Índia Yrapoti Maciel ao lado dos defensores. (Foto: Marcelo Loureiro)

A índia, parteira obstetra e mulher transgênero Yrapoti Maciel, de 52 anos, passou a usar o nome social durante um processo que tramita no Tribunal de Justiça do Amapá (Tjap). Ela afirma sentir-se constrangida ao ser chamada de “Raimundo”, nome que consta na identidade oficial. A conquista, segundo a índia, representa respeito pelas pessoas que se identificam com o sexo oposto.

“Eu nasci uma mulher, bonita e maravilhosa. Me chamar pelo nome que está na identidade não dá. Você nem imagina eu sendo uma mulher tendo que ser chamada com nome de homem. É dolorido e uma tortura psicológica. Consegui com luta e teimosia fazer com que as pessoas me respeitassem e me vissem como ser humano”, afirmou.

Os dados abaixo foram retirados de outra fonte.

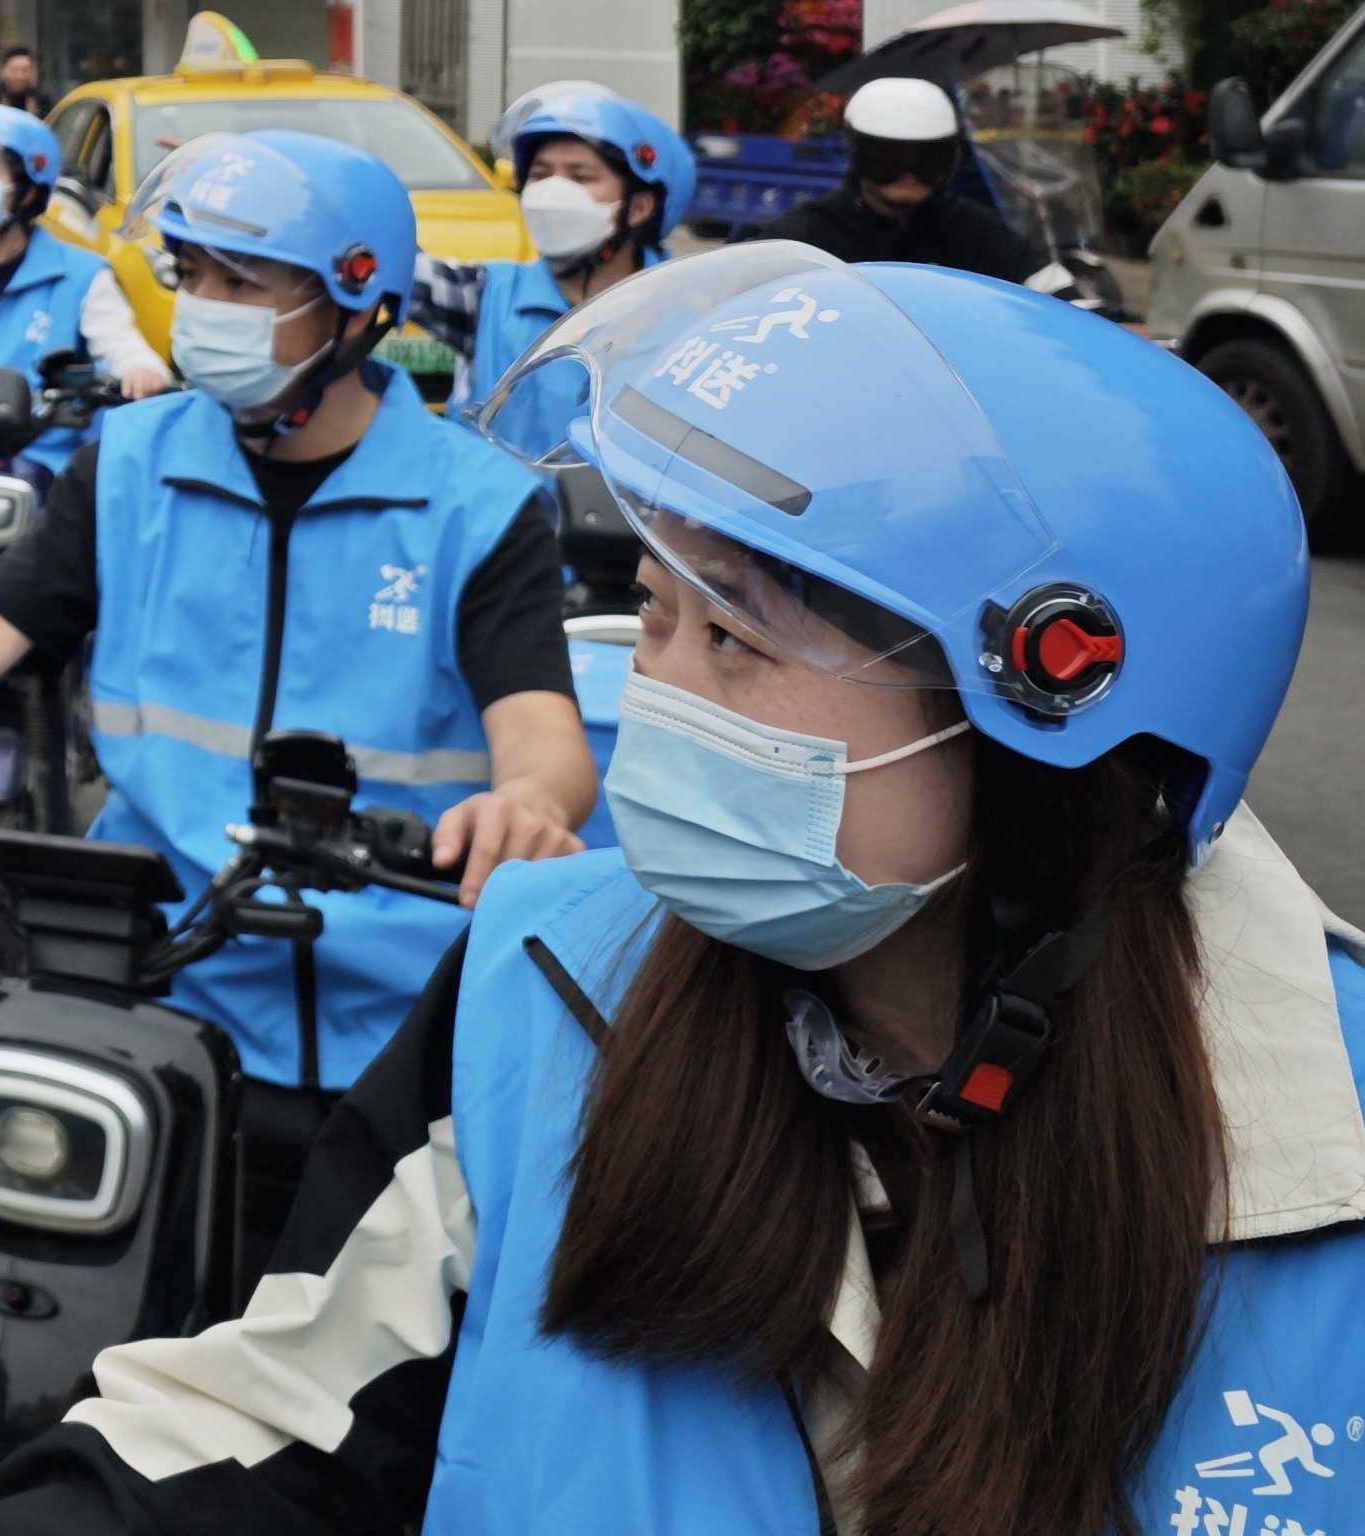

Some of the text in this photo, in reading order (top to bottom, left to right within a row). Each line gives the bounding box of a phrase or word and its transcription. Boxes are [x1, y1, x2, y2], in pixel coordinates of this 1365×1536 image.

[653, 336, 761, 410] 抖送
[368, 603, 418, 635] 抖送
[1170, 1485, 1327, 1536] 抖

A adoção do nome social teria partido da juíza que acompanha o caso da índia. A iniciativa teve apoio da defensora pública que também acompanha o processo. A atitude foi autorizada pelo judiciário. O processo em curso é sobre a reintegração de posse de uma área na capital que seria da índia.

A índia afirmou que, após encerrar o processo judicial de reintegração de posse, vai iniciar o processo para alterar o prenome que consta na documentação oficial dela, para o nome que sempre se identificou: Yrapoti das Neves Santos Maciel.